CallCC: a classic operator that defies intuition
Epistemic status: essentially a personal note. Might have any number of misconceptions.
I’ve recently been thinking about the “call with current continuation” operator, a rather magical
primitive operation which is included in some functional programming languages, most notably Scheme.
call-with-current-continuation
can be described as reifying the return operator: it provides a
function with an additional argument, which, when called, will cause the function to immediately
return. For example, these programs are equivalent:
(call-with-current-continuation
(lambda (return)
(+ 5 5)))
(call-with-current-continuation
(lambda (return)
(return (+ 5 5))
(whatever))) ; this statement will never be evaluated
return
here is called a continuation and more conventionally named k
. Like return
statements
in imperative languages, execution of the function body stops once it is called. What I noticed is
that this breaks referential transparency, which (broadly) means that the program’s results
shouldn’t depend on the evaluation strategy. Consider this program:
(call-with-current-continuation
(lambda (k)
(define var (list (k 1)
(k 2)))
3))
What does this return? The answer depends on the order of evaluation:
-
If the first call to
k
is evaluated first, the function exits with return value 1. -
If the second call to
k
is evaluated first, the function exits with return value 2. -
If the compiler notices that
var
is never used, and decides not to evaluate it at all, then the function returns normally with return value 3. This transformation is generally not permissible in languages with side effects, but languages like Haskell do it.
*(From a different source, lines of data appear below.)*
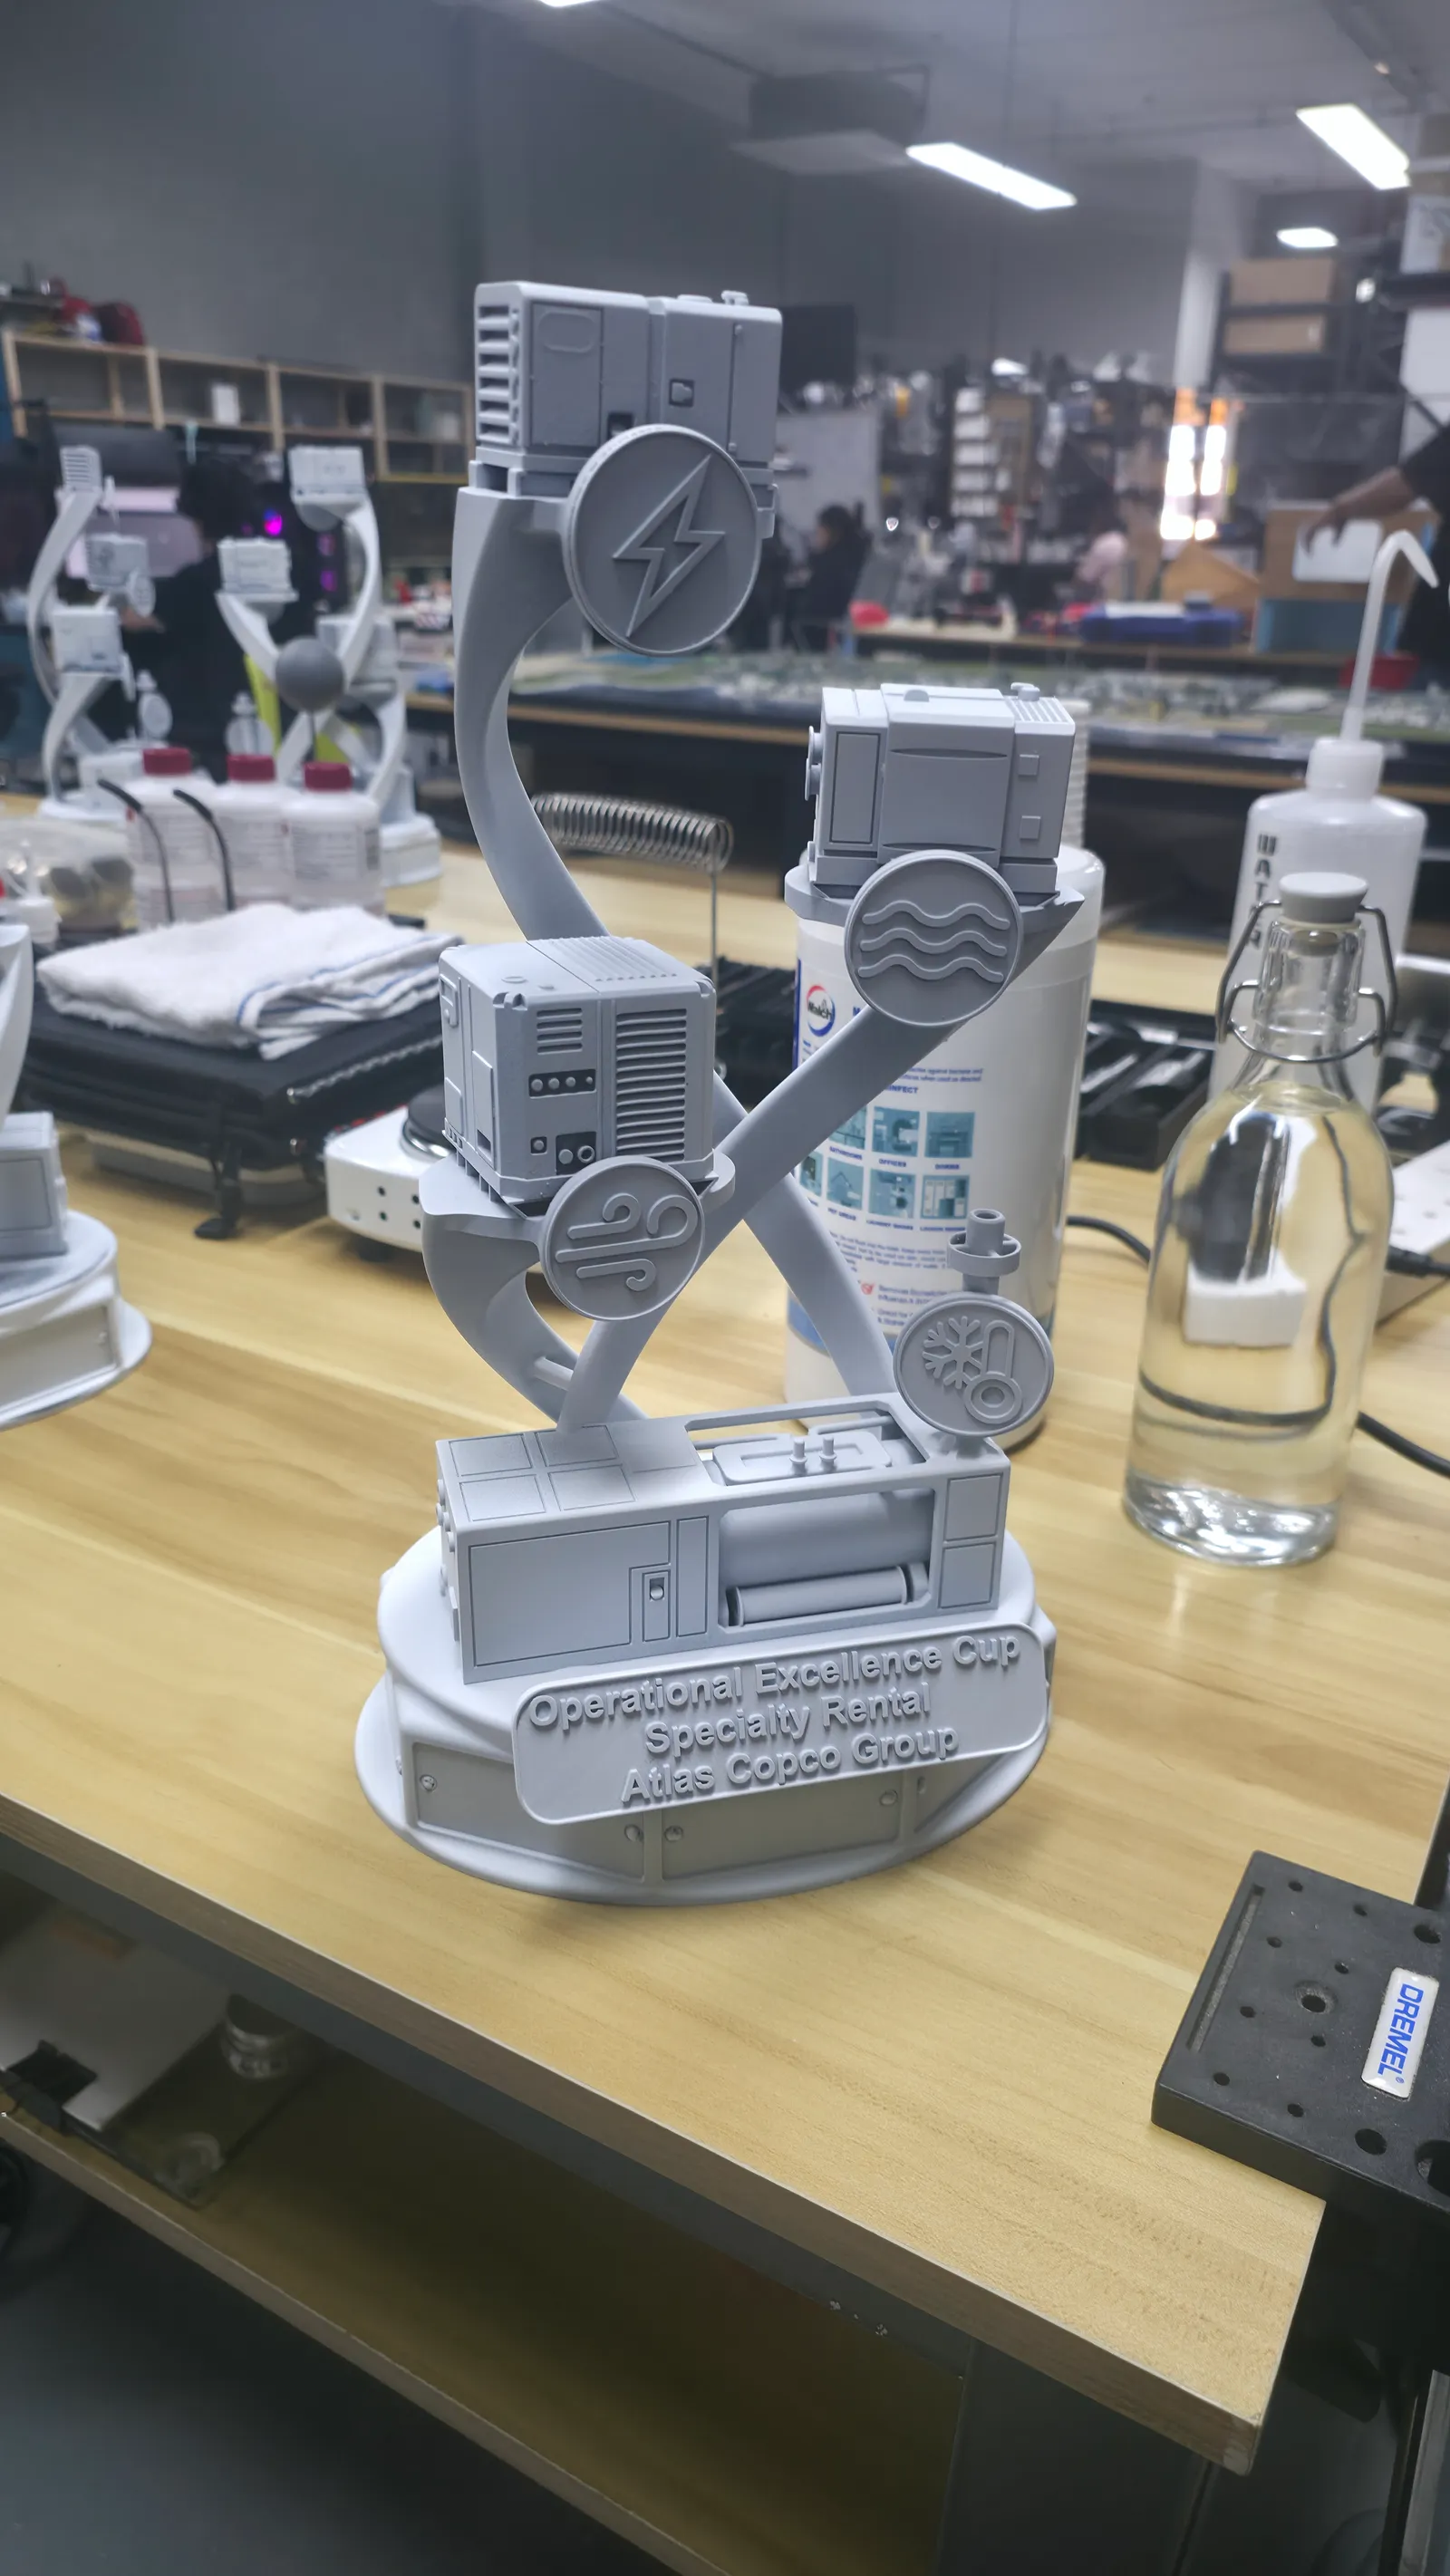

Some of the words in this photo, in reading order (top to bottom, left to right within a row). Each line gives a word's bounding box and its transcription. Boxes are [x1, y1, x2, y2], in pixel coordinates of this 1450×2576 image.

[529, 1666, 743, 1731] Operational
[755, 1645, 943, 1694] Excellence
[952, 1635, 1021, 1667] Cup
[645, 1703, 810, 1758] Specialty
[821, 1681, 932, 1728] Rental
[621, 1763, 716, 1803] Atlas
[727, 1745, 842, 1786] Copco
[851, 1727, 959, 1764] Group
(The actual answer is that it could return either 1 or 2, but not 3. Scheme requires side effects to be handled but does not specify what order arguments can be evaluated in.)
So having call-with-current-continuation
(also known as call/cc
) in the language breaks
referential transparency. As a corollary, it cannot be implemented in a referentially transparent
language. This is why I called it a primitive operator rather than simply an ordinary function.
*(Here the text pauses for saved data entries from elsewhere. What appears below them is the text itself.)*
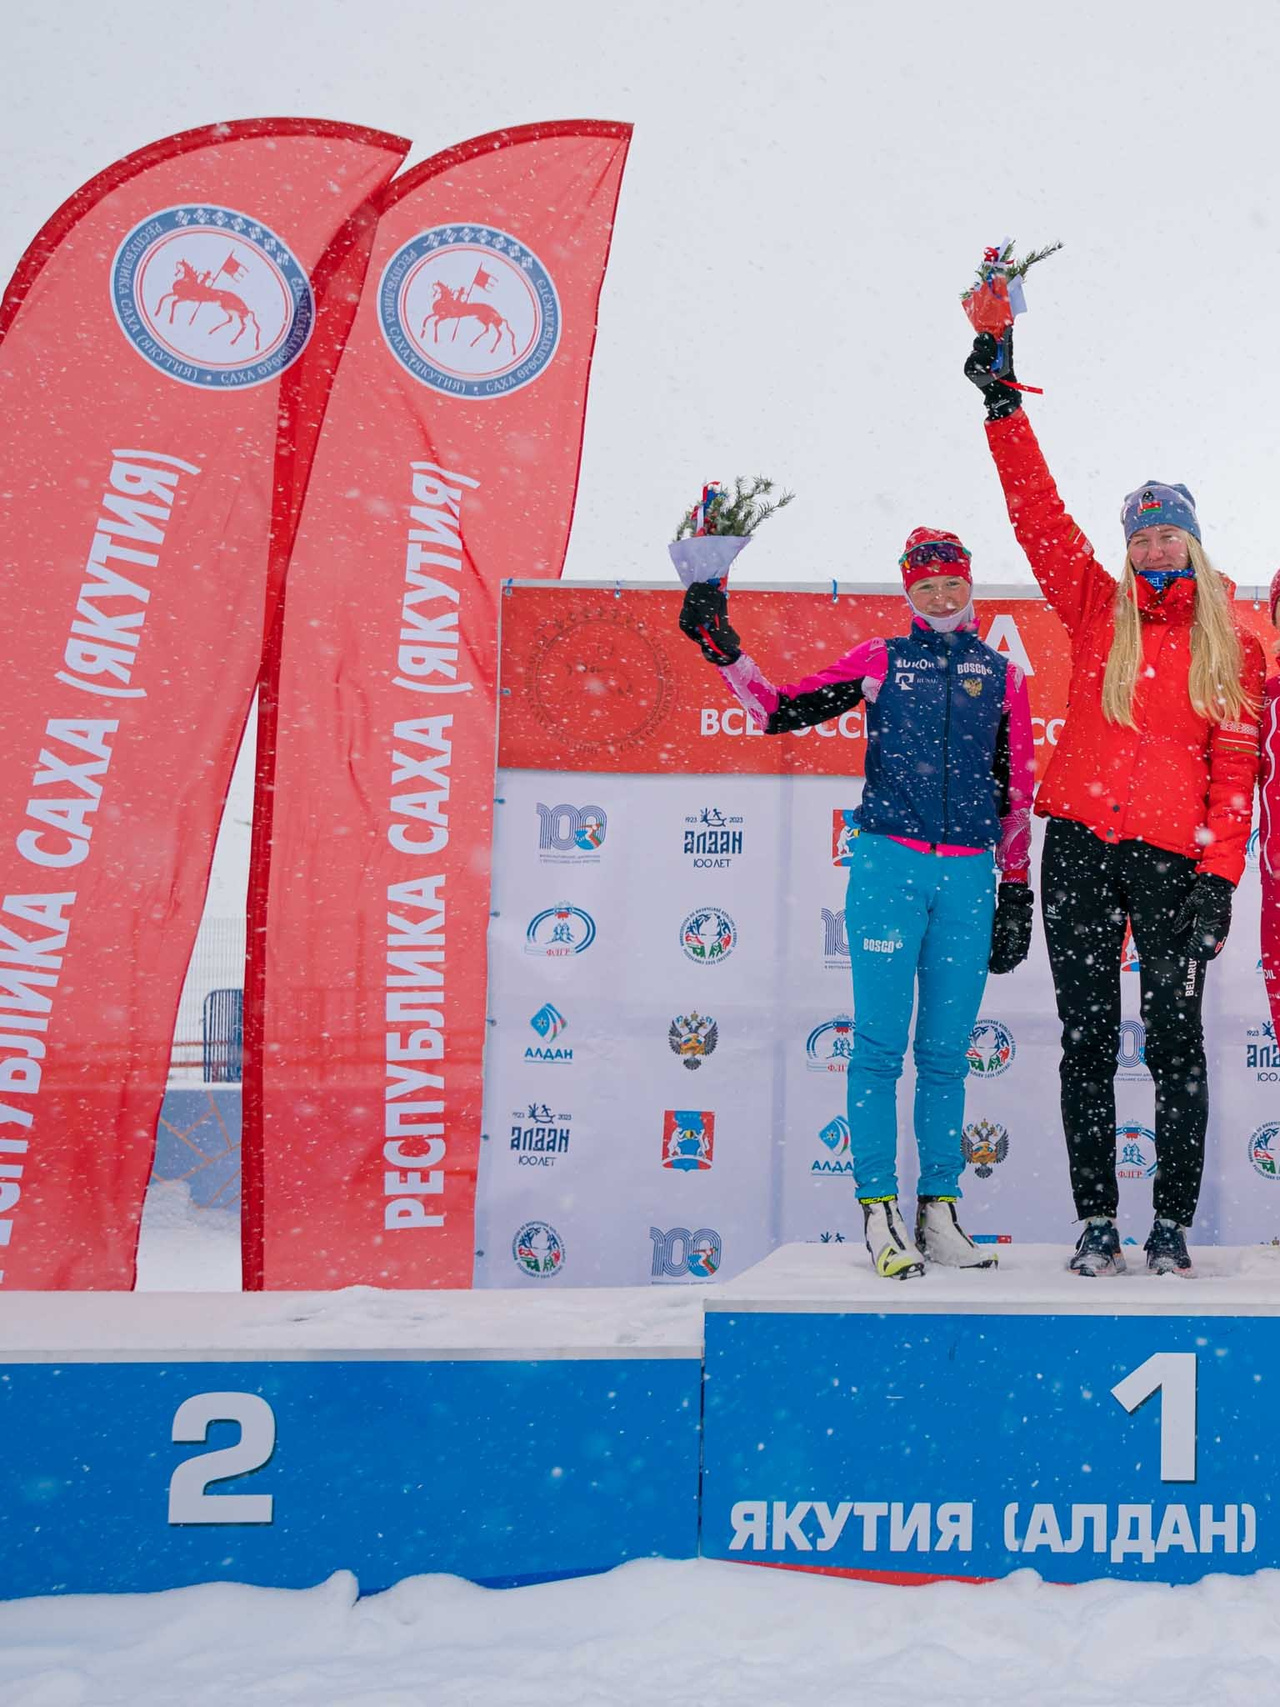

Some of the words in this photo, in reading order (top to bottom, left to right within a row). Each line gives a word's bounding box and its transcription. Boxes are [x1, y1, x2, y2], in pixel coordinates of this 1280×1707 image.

[55, 448, 201, 698] (ЯКУТИЯ)
[392, 461, 481, 694] (ЯКУТИЯ)
[16, 718, 120, 868] САХА
[387, 714, 454, 855] САХА
[863, 938, 895, 954] BOSCO
[1185, 957, 1198, 997] BELARU
[384, 875, 446, 1230] РЕСПУБЛИКА
[524, 1047, 573, 1060] АЛДАН
[811, 1160, 854, 1173] АЛДА
[168, 1391, 276, 1525] 2
[1110, 1352, 1198, 1485] 1
[730, 1501, 973, 1552] ЯКУТИЯ
[1003, 1501, 1256, 1564] (АЛДАН)
The presence or absence of call/cc
makes a meaningful difference to a language’s semantics which
is worth investigation.
Another thing I was thinking about at the time was an excerpt from an article I read in middle school. I don’t remember the article’s content, and most of it went over my head, but a comment that was somewhat independent from the article’s main point stuck with me. To paraphrase:
Implementing the law of the excluded middle requires writing a term
lem :: Either a (a -> Void)
. This can be implemented by first returningRight
with an opaque functiona -> Void
. There is nothing the user could do with this function except pass in a value of typea
to obtain a contradiction. At this point, the runtime has a value of typea
, and can rewind the computation and returnLeft a
with the provided value.Edit (2022-09-29): it may have been this article, although that isn’t consistent with the timing.
This idea of “rewinding the computation” seems an awful lot like call/cc
, doesn’t it? In fact, we
can formalize this intuition by “proving” (defining) lem
and call/cc
in terms of each other in
Haskell.
data Void
lem :: Either a (a -> Void)
lem = callCC (\k -> Right (\a -> k (Left a)))
callCC :: ((a -> Void) -> a) -> a
callCC f = case lem of
Left (a :: a) -> a
Right (na :: a -> Void) -> f na
Another axiom equivalent to the law of the excluded middle is double negation elimination: the
conversion from a proof that something cannot be false to a proof that it is true. Double
negation elimination and call/cc
can be implemented in terms of each other.
dne :: ((a -> Void) -> Void) -> a
dne na = callCC (\k -> absurd (na k))
where absurd (v :: Void) = case v of {} -- from falsehood, anything follows
callCC :: ((a -> Void) -> a) -> a
callCC f = dne (\not_a -> not_a (f not_a))
-- I'm not going to implement `lem` and and `dne` in terms of each other,
-- since it's not quite relevant to this topic and can be derived from the
-- implementations given here.
This, to me, indicates a connection between having a call/cc
-like operation and proof-relevance.
Double negation elimination, the LEM, and Pierce’s law (which is the analogue of call/cc
in
classical logic) — these all seem intuitively correct in classical logic, and the reason is that
we’re okay with, for example, proving a disjunction (“either A or B is true”) without having an
algorithm that determines which side of the disjunction it is.
The reason these operations seem “weird” when interpreted as programs is that we do care about
proofs — we expect to be able to “pattern match” and determine which case of a sum type holds.
Introducing call-cc
as a primitive operator weakens this ability, because we lose agnosticism of
evaluation order: we know call/cc
returns a value of type a
, but as the initial examples
demonstrated, the types alone don’t tell us enough to know which one exactly.
I suspect that the computational structure of negation is related to the distinction between propositions and types in many dependently typed proof assistants: propositions are a subset of types whose proofs cannot be inspected or pattern matched, enabling the language to introduce classical axioms as propositions without breaking referential transparency.